Each gate line inside a block still consumes one column; REPEAT and END themselves occupy control-flow columns in the layout.

REPEAT 2
  H 0
  REPEAT 3
    T 1
  END
  CX [0,1]
END

Measurement

MEASURE q inserts a measurement on that wire. Use the same shorthand pattern as other unary operations. Semantics follow the simulator backend (collapse and sampled outcomes for shots).

H 0
MEASURE 0

Editor validation (what turns red)

The live highlighter shares rules with the error tooltips on the line gutter. Highlights use the same token colors as above; invalid tokens use the simulator’s error style (red with wavy underline).

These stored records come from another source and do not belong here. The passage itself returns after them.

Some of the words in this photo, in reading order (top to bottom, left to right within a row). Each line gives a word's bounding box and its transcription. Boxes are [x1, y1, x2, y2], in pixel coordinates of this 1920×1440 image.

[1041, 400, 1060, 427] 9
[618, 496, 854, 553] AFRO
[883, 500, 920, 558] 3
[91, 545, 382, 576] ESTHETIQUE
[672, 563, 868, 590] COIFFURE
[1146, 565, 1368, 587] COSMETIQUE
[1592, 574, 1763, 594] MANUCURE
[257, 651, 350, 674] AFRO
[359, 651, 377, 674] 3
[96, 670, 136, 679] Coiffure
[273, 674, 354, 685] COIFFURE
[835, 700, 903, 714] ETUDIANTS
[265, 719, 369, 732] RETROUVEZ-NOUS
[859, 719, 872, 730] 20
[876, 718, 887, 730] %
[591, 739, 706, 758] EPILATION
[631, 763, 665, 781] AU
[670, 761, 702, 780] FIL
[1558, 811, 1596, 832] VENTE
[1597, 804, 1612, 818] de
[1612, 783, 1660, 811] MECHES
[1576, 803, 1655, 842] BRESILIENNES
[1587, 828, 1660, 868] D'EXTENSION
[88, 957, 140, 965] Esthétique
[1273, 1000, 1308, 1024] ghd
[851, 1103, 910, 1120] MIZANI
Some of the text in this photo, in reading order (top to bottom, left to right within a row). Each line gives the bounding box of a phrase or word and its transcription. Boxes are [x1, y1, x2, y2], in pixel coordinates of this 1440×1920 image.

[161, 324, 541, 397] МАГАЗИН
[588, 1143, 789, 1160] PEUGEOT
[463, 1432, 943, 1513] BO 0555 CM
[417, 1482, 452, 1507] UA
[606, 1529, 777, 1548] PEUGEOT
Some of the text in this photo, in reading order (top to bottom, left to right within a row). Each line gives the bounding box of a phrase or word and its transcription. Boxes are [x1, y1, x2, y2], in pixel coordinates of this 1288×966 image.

  • Unclosed /* block comment (missing */).
  • Unknown gate name at the start of a gate line.
  • REPEAT without a positive integer, or non-numeric count.
  • END with no matching REPEAT (unbalanced block).
  • Unclosed REPEAT at end of file (missing END).
  • RX/RY/RZ with a supplied angle that is unparseable (including …deg / …rad), or bad qubit list in (q,…) / [q,…] for rotations.
  • Malformed parenthesis or bracket lists (non-integers, bad commas, missing closing delimiter).
  • Preprocessor: invalid #import / #include filename; invalid #define gate name (must be 1–4 uppercase letters), non-unitary matrix, non–power-of-two size, or size over 16×16.

Balanced END without REPEAT is flagged; fix structure before exporting or sharing snippets.

Patterns and recipes

Bell |Φ+⟩

// |Φ+⟩ = (|00⟩+|11⟩)/√2
H 0
CX [0,1]

Phase kickback with CZ

H 0
X 1
CZ [0,1]

Grover outer loop (placeholder body)

Fill oracle and diffusion from the simulator’s Algorithms menu for tuned counts; the skeleton below shows only control flow:

H (0,1,2)
REPEAT 5
  // oracle
  // diffusion
END

Algorithm examples

Same parameterized Qubi generators as the simulator’s Quantum Examples library. Use the buttons to switch algorithms; change qubits and other options to refresh the preview. Open in Simulator sends the current preview into the simulator editor; you can also copy the snippet. In the simulator, the examples modal can show Qubi preview before loading into the editor.

Tools and workflow

The Quantum Circuit Simulator keeps Qubi, the drag-and-drop canvas, and exports in sync. QubiAI generates Qubi that follows these same patterns. Review bracket ordering (target last) after any AI edit. The interactive tutorial explains the linear algebra and algorithms behind the snippets here.

Practical workflow. Draft in the manual or in Git, paste into the simulator, fix any red lines using gutter tooltips, then snapshot the circuit or export images (PNG / SVG / PDF) for reviews.